Google, Tesco, Premier Foods and Kantar on reframing investment in intelligence

Data analytics Features Technology UK

Insight, research and data analytics should be centre stage for the future growth of all businesses, according to a debate at the Festival of Marketing earlier this week. By Christian Walsh.

Intelligence capital smart investment_crop

Intelligence Capital was the theme for the opening session at the first residency to be held at the festival, which consisted of a morning of content curated by the Market Research Society. Far from polarising views, panellists from Google, Tesco and Premier Foods found much to agree on.

Julie Kollman, chief research officer at Kantar opened the session by laying out the case for Intelligence Capital, a joint initiative between Kantar and MRS. The concept, Kollman said, aims to “reframe the way organisations view their investment in intelligence to put it on the same level of importance as the investment in physical or human capital.”
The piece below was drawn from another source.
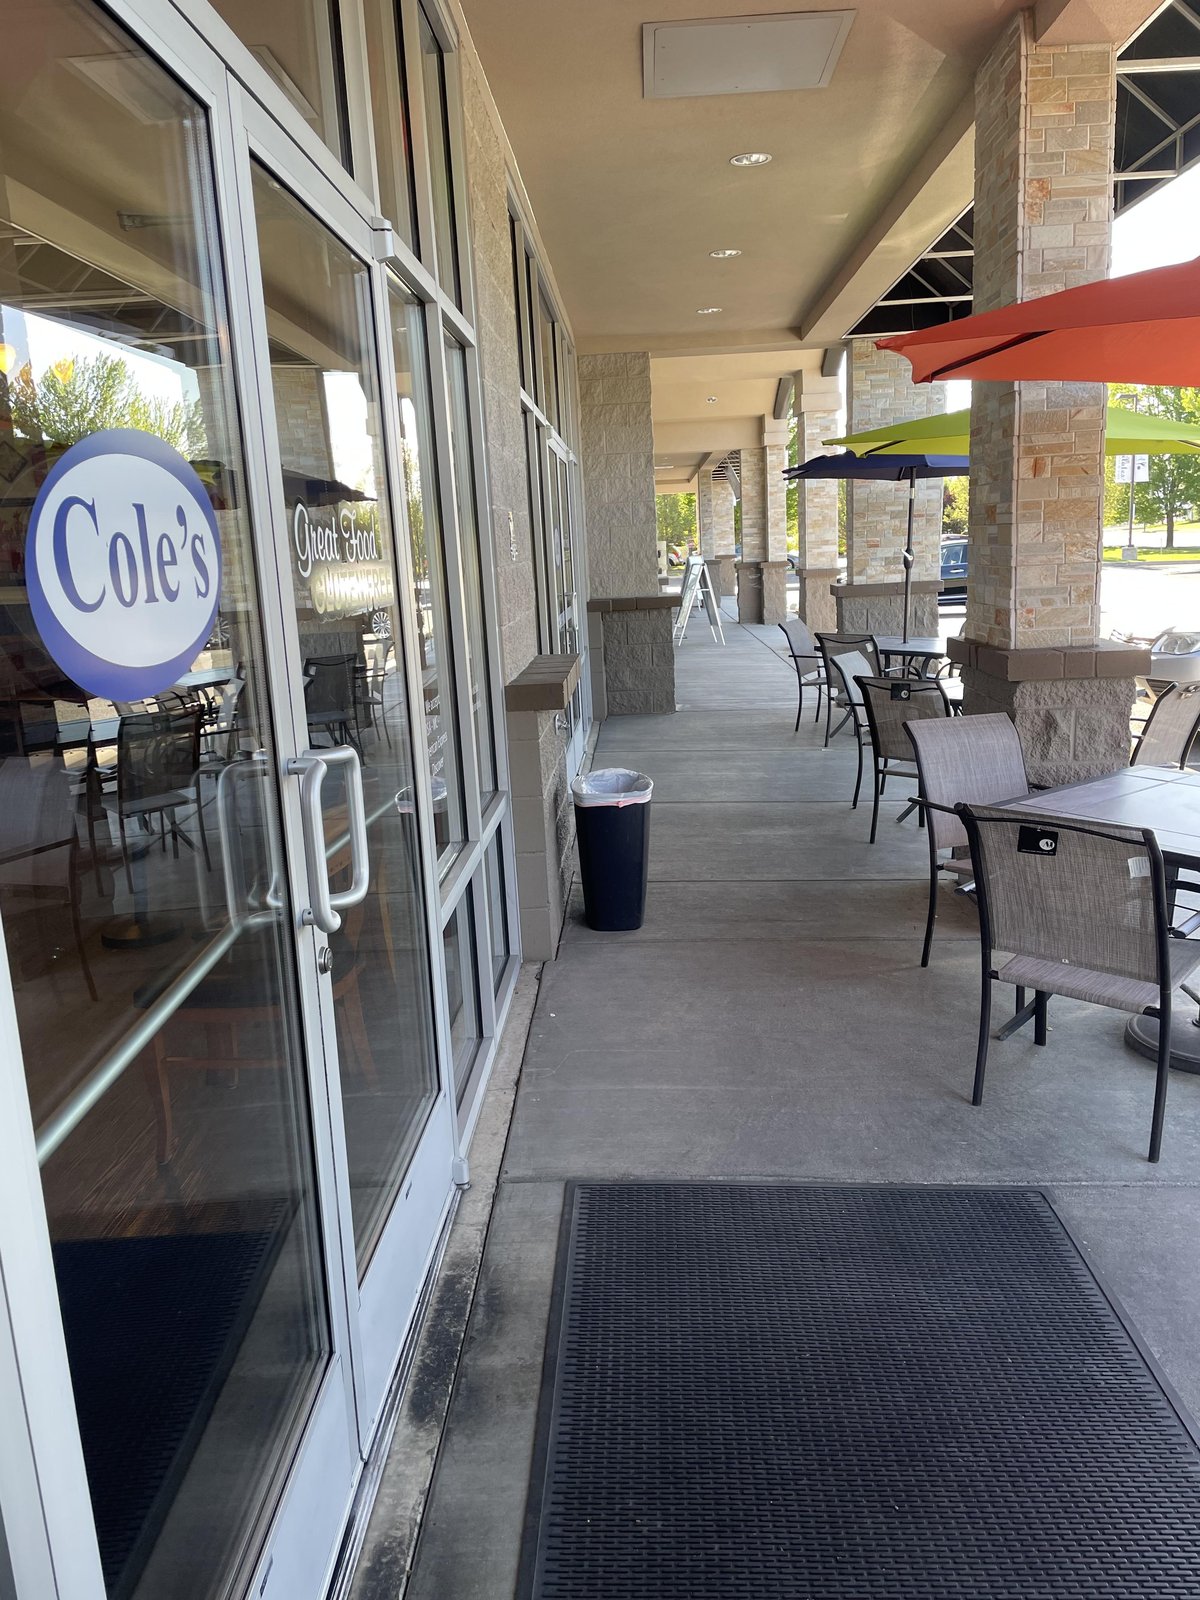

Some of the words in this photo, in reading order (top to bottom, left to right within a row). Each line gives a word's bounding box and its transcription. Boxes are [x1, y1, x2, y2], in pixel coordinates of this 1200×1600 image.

[53, 495, 210, 613] Cole's
[294, 502, 339, 578] Great
[340, 508, 378, 563] Food
She added: “Intelligence should no longer be considered an expense or a cost, but as an asset that drives revenue. It’s a message directed first and foremost at the C-suite.”

Research is so often the first thing that is cut from the marketing budget in times of need. Kollman argued that the insight function needs to start speaking the language of finance and present investment in intelligence (people, infrastructure, data) as an asset.
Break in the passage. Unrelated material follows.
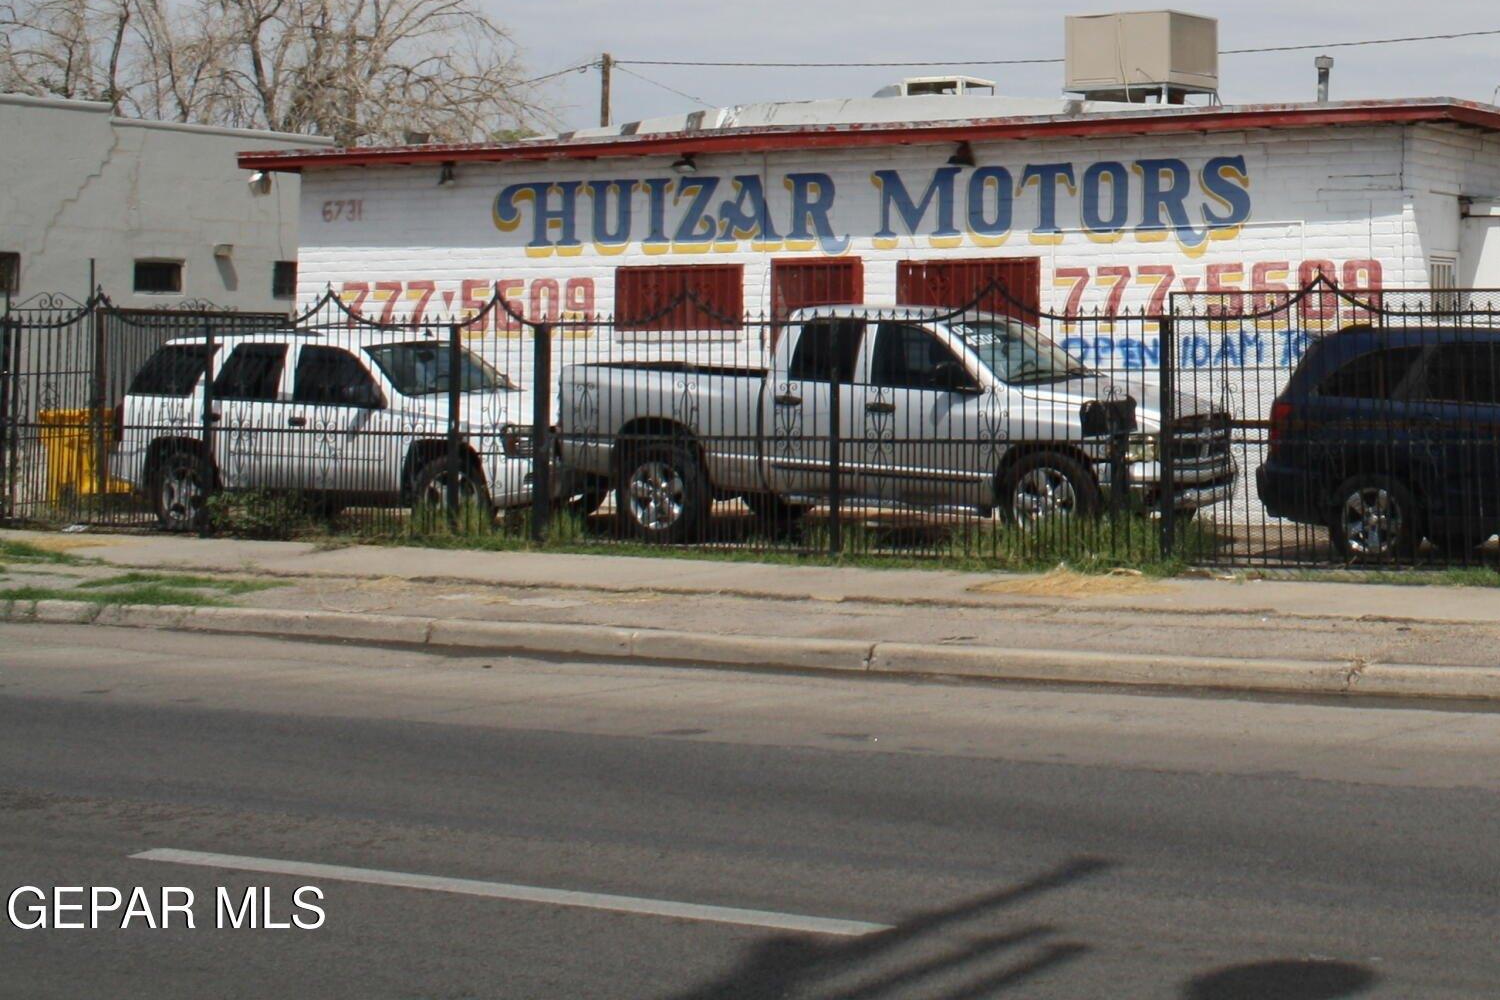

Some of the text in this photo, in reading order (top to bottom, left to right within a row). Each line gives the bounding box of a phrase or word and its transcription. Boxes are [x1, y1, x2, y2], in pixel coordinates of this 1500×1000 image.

[321, 200, 363, 222] 6731
[492, 155, 1251, 257] HUIZAR MOTORS
[1060, 336, 1159, 369] OPEN
Intelligence Capital is defined as “the creation of a comprehensive knowledge asset and the capability to use that asset to identify and activate growth opportunities.”

The next step, according to Kollman, is to create a model that can assign a value to the investment in intelligence. But as with efforts to establish ROI, it’s very difficult to get a “direct attribution of the investment to the outcome”. To assess the right level of investment in intelligence within any company, “you need to be looking at how much effectiveness and how much efficiency are you driving over time”.

Kollman said the language around the topic needs to change. “Forty years ago, insight may have been a support function, but in this day and age where data is everything and your entire competitive advantage comes from having a better capability to analyse, interpret and apply that data, this is as essential to success as any other investment the company will make.”

Toby Horry, until recently customer propositions director at Tesco, agreed there is a desire to do this. “Tesco has so much data and it resides in many different places, and I don’t think it’s looked on at the same level as a capital investment. I think that’s probably a mistake.” Horry sees value in creating a stronger connection with finance so that intelligence is not perceived as simply a subset of marketing but associated with the health of the company as a whole. If insight and finance are isolated from one another “it becomes very hard to make significant decisions.”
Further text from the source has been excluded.